PKD Through History

We had a little chatter about Philip K. Dick a couple weeks ago in comments, so I thought I’d reprint this tribute. It originally ran on Poor Mojo’s Almanac.
_____________________

I.
“France is the name of our starship,” Maximilien Robespierre tells Danton, “and France is the name of the planet from which we come. But the true France is our destination, the land of equality and virtue to which mankind has always been rising, which you and I shall finally attain!”

Robespierre straps on his blaster and inspects the ship. He checks each porthole for cracks, examines each control panel for tampering.
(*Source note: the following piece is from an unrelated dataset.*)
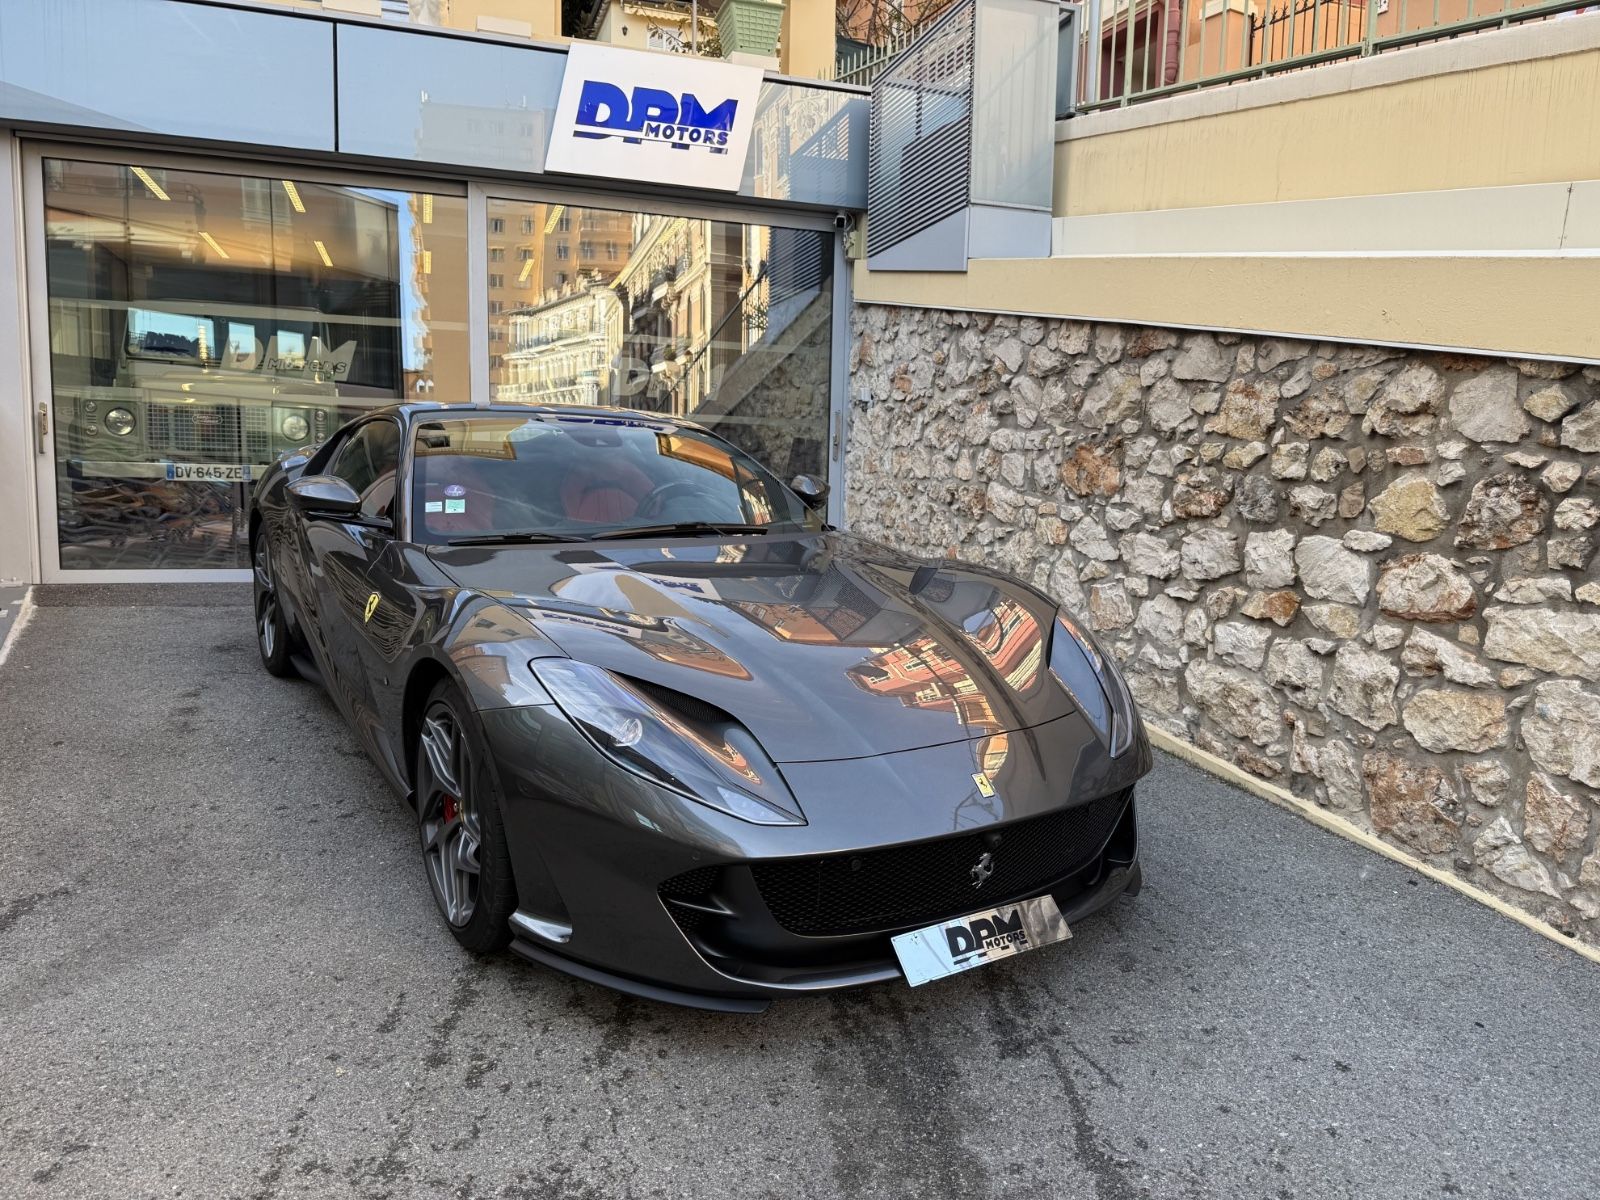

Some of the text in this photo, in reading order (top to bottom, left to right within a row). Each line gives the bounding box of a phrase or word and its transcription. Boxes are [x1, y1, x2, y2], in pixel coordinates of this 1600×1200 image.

[573, 80, 738, 154] DPM
[644, 122, 729, 146] MOTORS
[945, 909, 1027, 965] DPM
[985, 930, 1026, 950] MOTORS
He discovers seven men smuggling Thermidorian Brainburning Petals, sets his weapon to “Guillotine”, and executes them on the spot. He calls his crew together and paces in front of them. “Citizens,” he cries, “it has come to my attention that giant green alien psychic royalists are seeking to invade our democratic ship! Even now their agents may be teleporting on board; even now they may be among us, attempting to introduce their evil morale weakening substances into our untainted bloodstreams! We must be strong, we must be vigilant, we must shoot to kill anything we see that is green or giant or that demonstrates unnatural mental powers!

A ragged cheer rises from those assembled; the men raise their blasters, the women toss flowers. Already, though, Robespierre can see that several of the citizens are tinged with green; even some of the children appear to be larger than any three normal men. After he dismisses the assembly, Robespierre commands the ship’s computer to play patriotic songs, but still he feels weak and sad as he stands alone with Danton on the bridge. “It is hard,” he says, “this voyage, without knowing how long we must travel or exactly where we are going.”
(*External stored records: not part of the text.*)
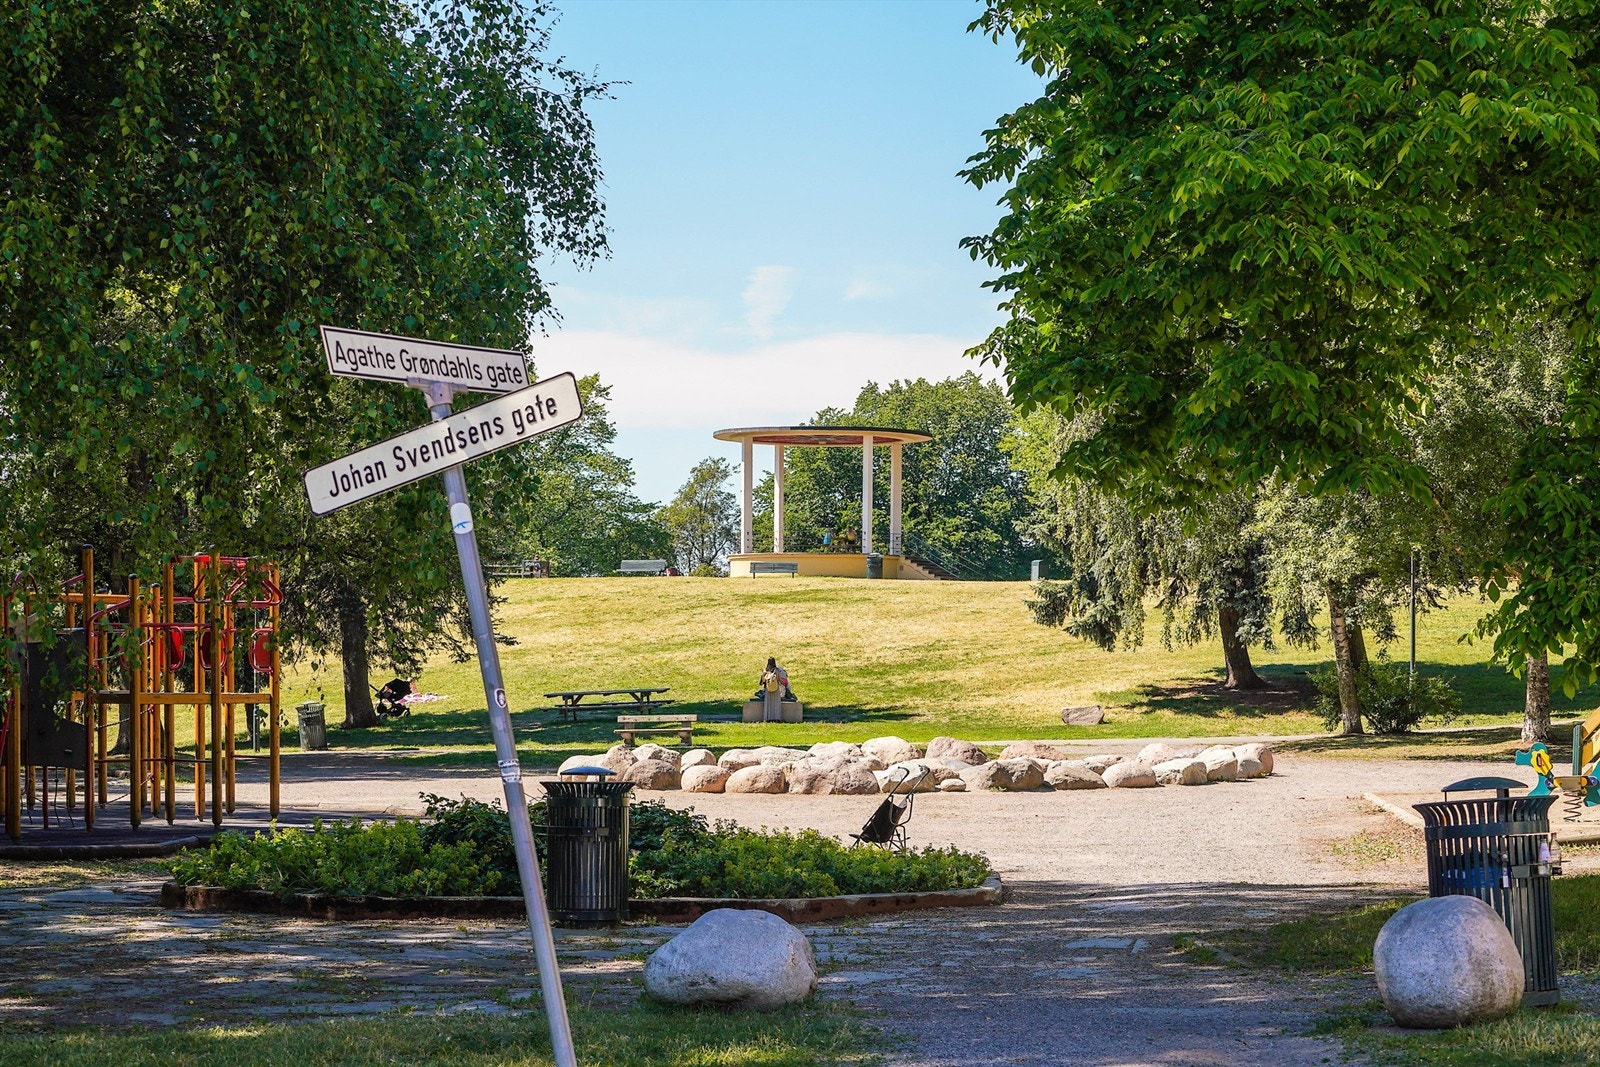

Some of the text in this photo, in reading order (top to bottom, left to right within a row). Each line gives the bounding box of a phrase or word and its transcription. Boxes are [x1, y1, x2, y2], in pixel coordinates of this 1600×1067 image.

[335, 340, 523, 388] Agathe Grøndahls gate
[329, 394, 558, 498] Johan Svendsens gate
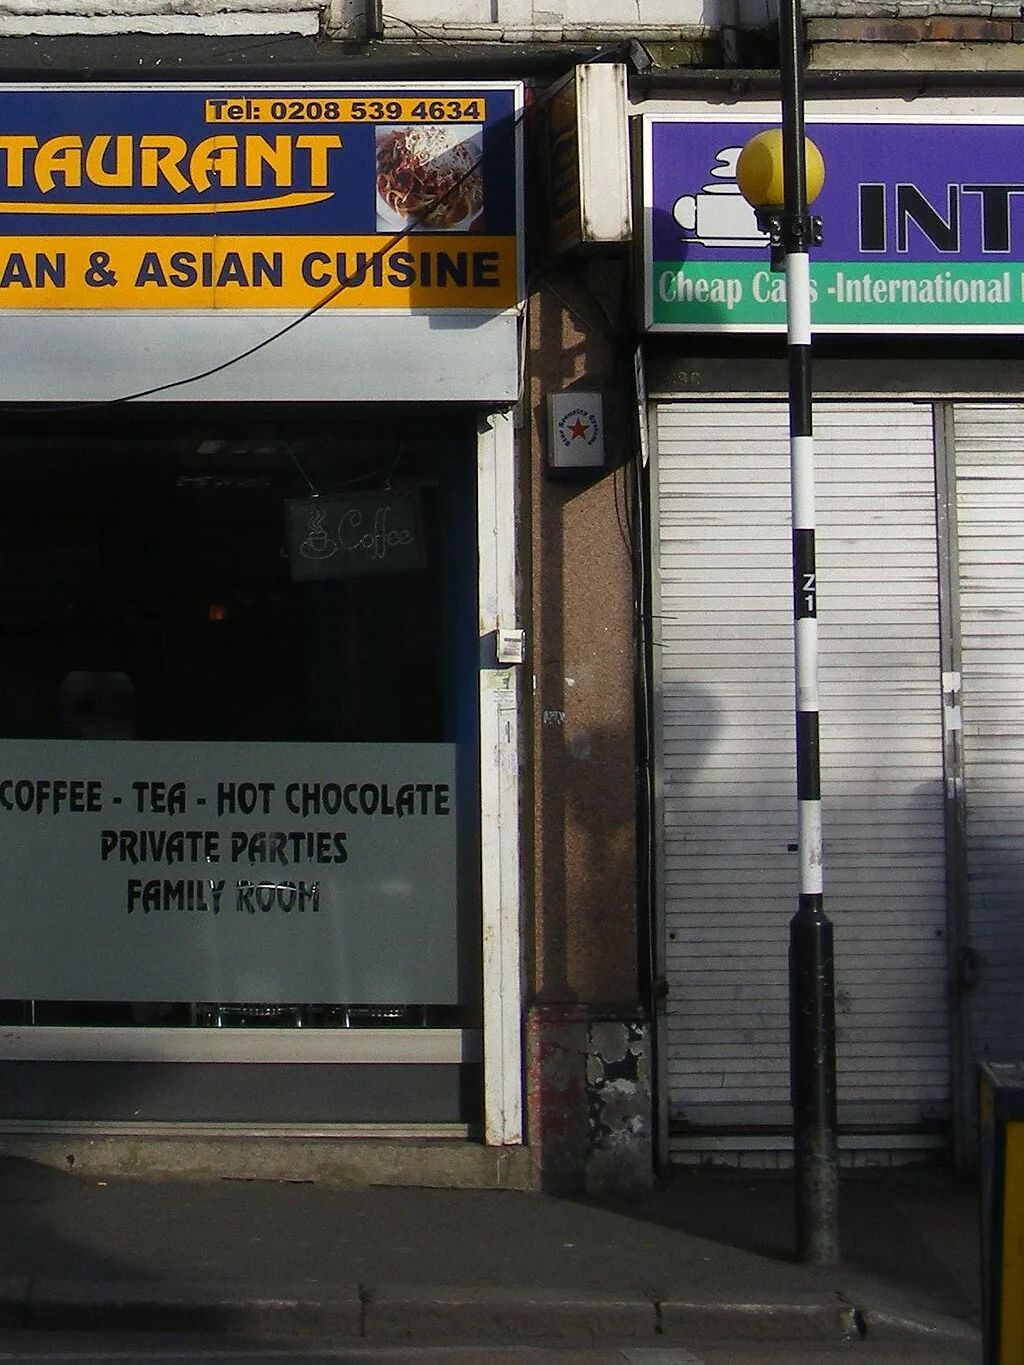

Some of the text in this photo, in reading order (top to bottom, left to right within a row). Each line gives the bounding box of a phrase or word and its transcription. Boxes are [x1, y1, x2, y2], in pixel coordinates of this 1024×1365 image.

[209, 99, 480, 120] Tel: 0208 539 4634
[85, 250, 118, 287] &
[135, 251, 284, 287] ASIAN
[301, 251, 500, 287] CUISINE
[658, 271, 743, 309] Cheap
[752, 271, 818, 304] Cas
[337, 506, 415, 559] Coffee
[0, 780, 103, 816] COFFEE
[132, 781, 187, 817] TEA
[217, 782, 276, 817] HOT
[285, 783, 451, 819] CHOCOLATE
[100, 830, 349, 866] PRIVATE PARTIES
[127, 879, 321, 915] FAMILY ROOM
“Yes it is,” Danton agrees. Robespierre notes that the other man does not move his lips when he speaks; as he watches, in fact, Danton grows enormous, his face becoming a vast expanse of green.

Robespierre retreats to his own quarters. He sits down at his plain desk and listens with eyes closed as the Muzak version of the “Marseillaise” drones from his nondescript terminal. “Computer,” he says. “What percent of the crew aboard this ship are aliens?”
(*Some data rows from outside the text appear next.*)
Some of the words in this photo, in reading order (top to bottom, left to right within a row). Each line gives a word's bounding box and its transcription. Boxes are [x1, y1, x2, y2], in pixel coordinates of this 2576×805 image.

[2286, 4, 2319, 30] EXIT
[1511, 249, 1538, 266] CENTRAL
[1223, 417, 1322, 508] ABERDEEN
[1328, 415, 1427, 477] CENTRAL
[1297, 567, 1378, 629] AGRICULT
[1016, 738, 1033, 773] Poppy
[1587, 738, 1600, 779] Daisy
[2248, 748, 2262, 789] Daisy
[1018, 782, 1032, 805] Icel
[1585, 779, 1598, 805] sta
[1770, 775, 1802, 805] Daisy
“One hundred percent,” the computer says.

Robespierre nods. When he opens his eyes, he sees that his desk is covered with purple Thermidorian Bulbs.

“Computer,” he says again, keeping his voice steady. “Does that include me?”

“You are an alien,” the computer says.

Robespierre feels tears on his cheeks. All our efforts, he thinks. All the lives lost for nothing. We will not create a new age of reason, we will not free ourselves from tyranny. We will never reach France.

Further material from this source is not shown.